Pour stimuler et renforcer l'écriture et les idées de chacun, un support contenant notamment les techniques pour rendre son récit hypersensible a été distribué en ouverture de session.

 

 

 

 

 

 

 

 

 

 

 

 

 

 

 

Ci-après quelques textes produits durant la séance, notamment (dans l'ordre):


- "Les élans du corps" de Blandine DELGADO

- "Je suis un jeu de cartes sans cesse rebattu" de Régis Moulu

 


"Les élans du corps" de Blandine DELGADO


Il est face à son couloir, les pieds calés, le regard fixe, sec ; tout son corps est bandé, son esprit rassemblé vers le but ultime, incertain. L’état de concentration intense dans lequel il est entré pour parvenir à maîtriser la moindre once d’énergie le plonge dans un monde parallèle, que seuls ces moments de compétition peuvent lui procurer. Comme un toxicomane, plus rien ne compte que la mécanique implacable de l’action de l'adrénaline sur son esprit et son corps. Il sait que le shoot du tir de départ lui procurera plus de plaisir que n’importe quoi d’autre au monde et que la première poussée sera comme un orgasme qui le catapultera dans son couloir, lui bouillant le sans propulsé du cœur en un jet puissant.

Ses yeux humides sont rivés sur le moniteur. Les pieds calés, ses chairs sont tendues ; tout en elle est douloureux, attentif, concentré vers le but ultime, certain. Ces sens en éveil transcendent ce corps prêt à vivre l’expérience extrême de l'expulsion d’un être hors d’un autre être. Mais l’état d'excitation et de désarroi dans lequel elle est entrée depuis quelques heures, l’empêche de profiter pleinement de l’intensité du moment qu’elle est en train de vivre. Elle voudrait exulter, rire, pleurer de joie, d’extase face au bonheur qui l’attend ; avoir peur, hurler son angoisse de devoir affronter l’inconnu, mais elle ne peut pas : le souffle court de sa respiration, les hoquets qui la soulèvent, les battements galopants de son cœur, ne sont pas le reflet de ce qui se prépare dans ses entrailles, mais celui de la colère sourde qui lui serre la poitrine. Il l’a laissée seule, seule, seule, seule… Elle pourrait le tuer ! Il l’a abandonnée pour aller prendre son plaisir, sa dose, alors qu’elle va enfanter dans la peur.

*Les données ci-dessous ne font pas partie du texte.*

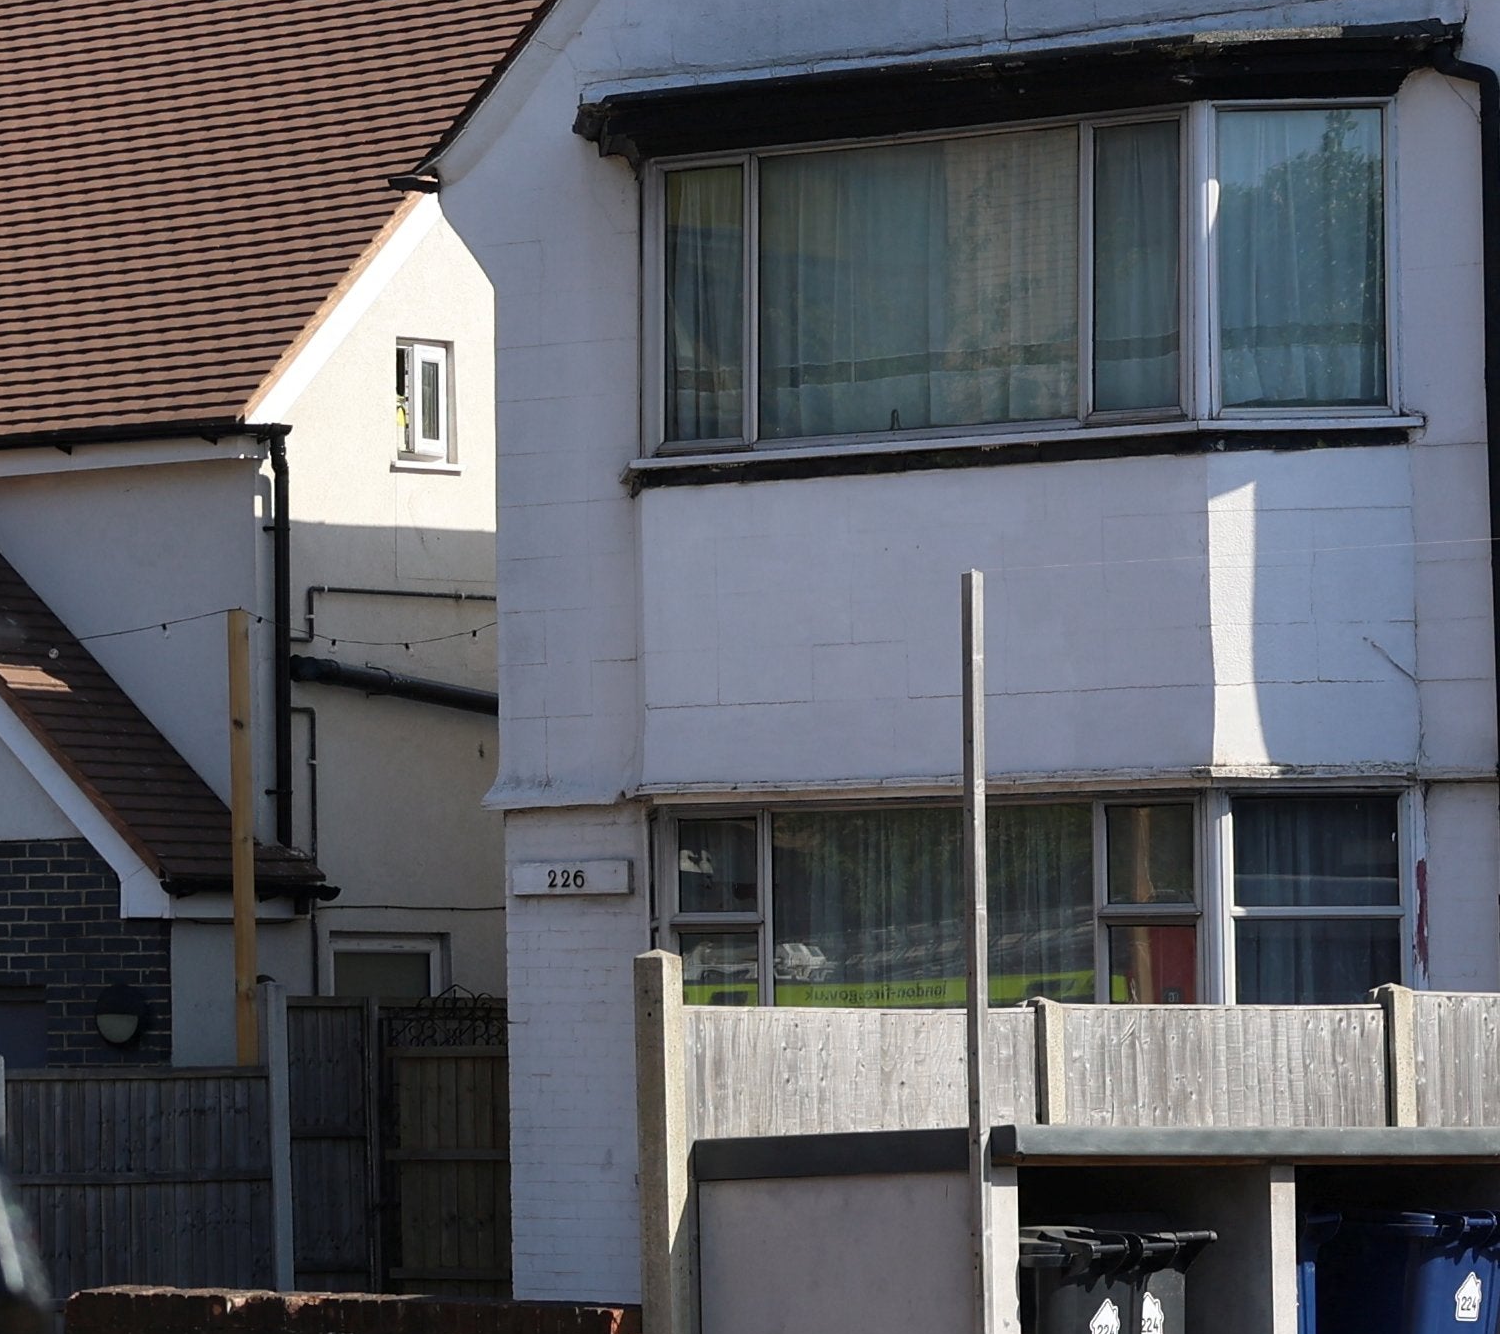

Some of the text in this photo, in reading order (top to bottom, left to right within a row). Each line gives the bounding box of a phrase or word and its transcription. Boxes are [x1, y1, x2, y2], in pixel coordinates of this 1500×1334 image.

[548, 870, 585, 888] 226
[1460, 1295, 1477, 1312] 224
[1141, 1318, 1159, 1334] 224

La détonation est fulgurante et l’impulsion l’a propulsé dans son couloir. La première goulée d’air insuffle à ses muscles l’élan nécessaire aux enjambées puissantes dont il va avoir besoin pour mener sa course jusqu’au bout. Il maîtrise son souffle, rapide et régulier, il se sent invincible et survole la piste, étonné des ailes qui le poussent face au vent.
Son champ de vision est soudain brouillé par la sueur et brusquement, un afflux de sang inonde son cerveau et s’insinue comme un rhizome rougeoyant au sein de son œil droit. Une demi seconde à essayer de comprendre ce qui lui arrive suffit à le décaler de quelques centimètres dans son couloir. Le temps d’entrevoir la silhouette pressée de son adversaire, passé devant lui. C’est fini…

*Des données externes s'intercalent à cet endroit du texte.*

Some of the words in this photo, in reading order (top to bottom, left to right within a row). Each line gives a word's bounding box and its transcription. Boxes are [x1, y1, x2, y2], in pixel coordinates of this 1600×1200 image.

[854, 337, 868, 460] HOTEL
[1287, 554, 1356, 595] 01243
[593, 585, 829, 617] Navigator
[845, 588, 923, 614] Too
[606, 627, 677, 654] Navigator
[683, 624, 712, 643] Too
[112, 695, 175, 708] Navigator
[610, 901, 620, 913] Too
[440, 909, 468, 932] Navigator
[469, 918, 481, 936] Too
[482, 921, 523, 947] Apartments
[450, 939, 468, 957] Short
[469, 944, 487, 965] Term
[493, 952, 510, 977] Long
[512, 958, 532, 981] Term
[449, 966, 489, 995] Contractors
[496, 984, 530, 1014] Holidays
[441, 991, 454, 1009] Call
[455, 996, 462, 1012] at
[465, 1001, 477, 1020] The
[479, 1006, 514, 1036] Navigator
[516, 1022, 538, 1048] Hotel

La douleur est fulgurante et le besoin de pousser pour expulser cet enfant hors de son corps est incontrôlable. Ses tempes cognent, elle sent les pulsations de son cœur dans tous les vaisseaux qui la traversent. Le chagrin, la colère, le mépris l’ont quittée pour faire place à toute son animalité, toute la bestialité dont son corps et son esprit sont capables  pour l’aider dans la dernière ligne droite. La sueur coule sur ses joues, à moins que ce ne soient des larmes… Elle hurle à chaque poussée, encouragée, félicitée par la sage-femme. Son souffle est rauque, chaud et dans un râle final, identique à tous ceux des mères depuis la nuit des temps, elle expulse son enfant, impitoyable vainqueur de la course effrénée vers la vie. La sérotonine a envahi son cerveau ; exténuée, étonnée face à l’exploit qu’elle vient d'accomplir, elle se dit que pour cette fois au moins, elle a bien mérité la première place sur le podium. Rien d’autre n’a plus d’importance.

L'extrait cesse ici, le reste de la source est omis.